AIM OF THE TASK
Please copy out the full listing that follows exactly; no picture belongs in the copy.

====

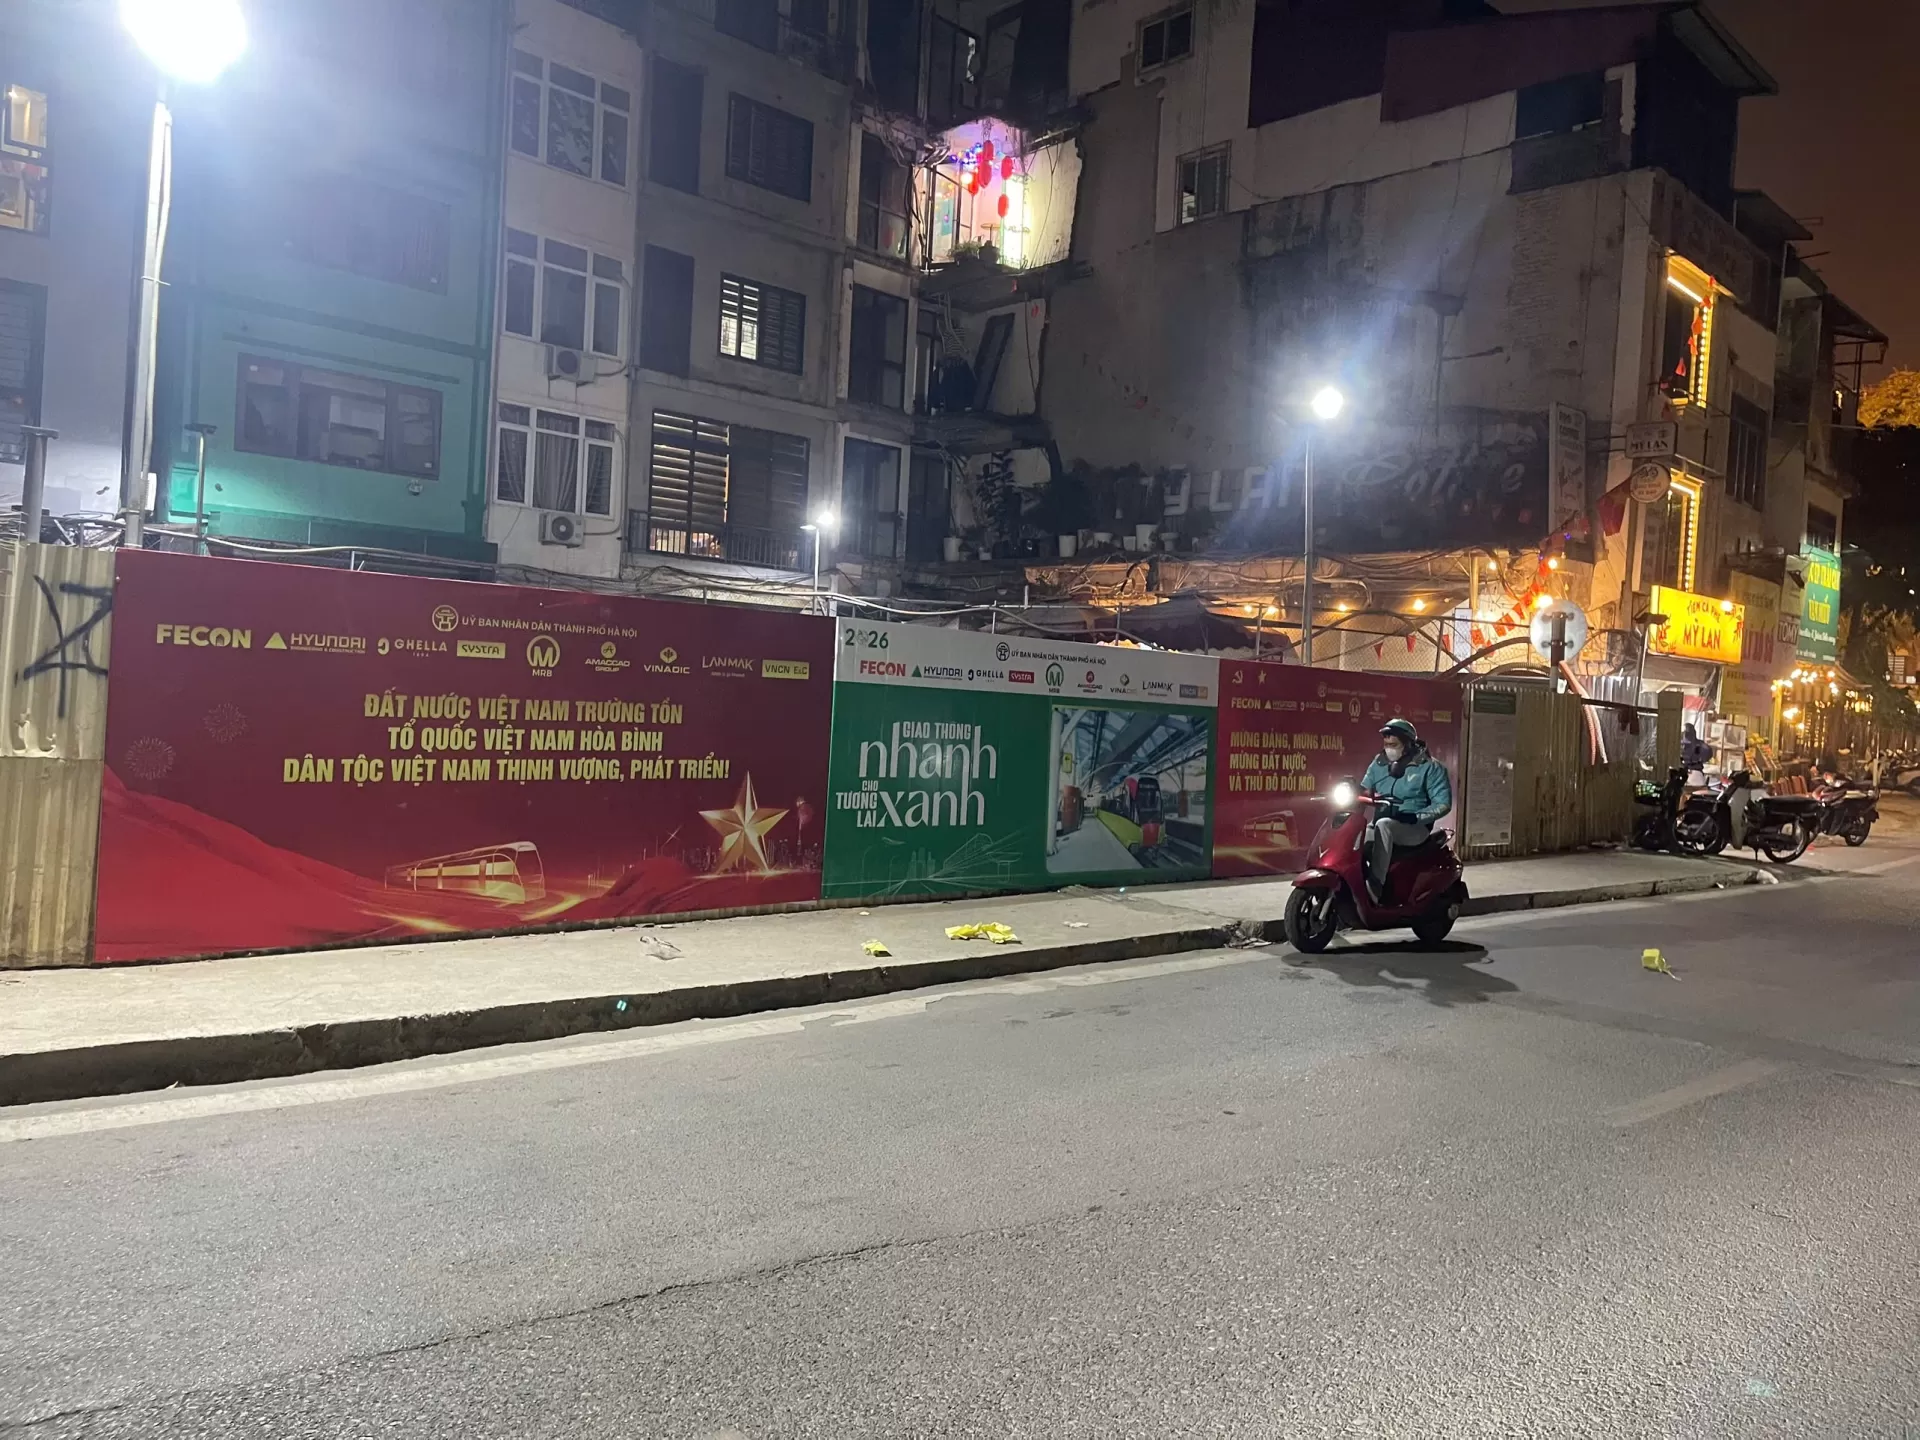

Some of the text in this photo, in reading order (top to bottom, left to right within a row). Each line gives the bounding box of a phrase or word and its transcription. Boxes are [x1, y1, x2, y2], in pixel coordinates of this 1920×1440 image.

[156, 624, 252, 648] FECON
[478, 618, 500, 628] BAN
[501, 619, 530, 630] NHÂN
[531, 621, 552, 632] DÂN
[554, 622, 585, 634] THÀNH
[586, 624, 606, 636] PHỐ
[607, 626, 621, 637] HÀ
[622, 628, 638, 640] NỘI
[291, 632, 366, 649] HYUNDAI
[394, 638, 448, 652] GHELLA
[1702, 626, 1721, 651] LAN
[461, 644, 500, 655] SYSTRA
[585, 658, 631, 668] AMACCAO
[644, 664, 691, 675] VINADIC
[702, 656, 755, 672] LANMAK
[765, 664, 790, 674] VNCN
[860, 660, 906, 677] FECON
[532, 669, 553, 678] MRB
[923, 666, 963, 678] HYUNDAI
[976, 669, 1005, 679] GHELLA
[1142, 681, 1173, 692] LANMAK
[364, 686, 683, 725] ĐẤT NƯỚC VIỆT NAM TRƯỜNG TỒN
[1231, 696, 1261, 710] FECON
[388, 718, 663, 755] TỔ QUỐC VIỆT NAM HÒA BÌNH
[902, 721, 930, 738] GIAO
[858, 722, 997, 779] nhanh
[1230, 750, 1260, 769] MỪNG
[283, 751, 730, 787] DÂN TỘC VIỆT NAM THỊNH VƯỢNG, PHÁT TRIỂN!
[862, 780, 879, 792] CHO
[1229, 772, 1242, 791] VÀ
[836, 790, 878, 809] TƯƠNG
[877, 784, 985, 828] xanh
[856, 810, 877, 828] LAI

====

RESULT FOR THIS EXERCISE
Some of the text in this photo, in reading order (top to bottom, left to right within a row). Each line gives the bounding box of a phrase or word and its transcription. Boxes are [x1, y1, x2, y2], in pixel coordinates of this 1920×1440 image.

[156, 624, 252, 648] FECON
[478, 618, 500, 628] BAN
[501, 619, 530, 630] NHÂN
[531, 621, 552, 632] DÂN
[554, 622, 585, 634] THÀNH
[586, 624, 606, 636] PHỐ
[607, 626, 621, 637] HÀ
[622, 628, 638, 640] NỘI
[291, 632, 366, 649] HYUNDAI
[394, 638, 448, 652] GHELLA
[1702, 626, 1721, 651] LAN
[461, 644, 500, 655] SYSTRA
[585, 658, 631, 668] AMACCAO
[644, 664, 691, 675] VINADIC
[702, 656, 755, 672] LANMAK
[765, 664, 790, 674] VNCN
[860, 660, 906, 677] FECON
[532, 669, 553, 678] MRB
[923, 666, 963, 678] HYUNDAI
[976, 669, 1005, 679] GHELLA
[1142, 681, 1173, 692] LANMAK
[364, 686, 683, 725] ĐẤT NƯỚC VIỆT NAM TRƯỜNG TỒN
[1231, 696, 1261, 710] FECON
[388, 718, 663, 755] TỔ QUỐC VIỆT NAM HÒA BÌNH
[902, 721, 930, 738] GIAO
[858, 722, 997, 779] nhanh
[1230, 750, 1260, 769] MỪNG
[283, 751, 730, 787] DÂN TỘC VIỆT NAM THỊNH VƯỢNG, PHÁT TRIỂN!
[862, 780, 879, 792] CHO
[1229, 772, 1242, 791] VÀ
[836, 790, 878, 809] TƯƠNG
[877, 784, 985, 828] xanh
[856, 810, 877, 828] LAI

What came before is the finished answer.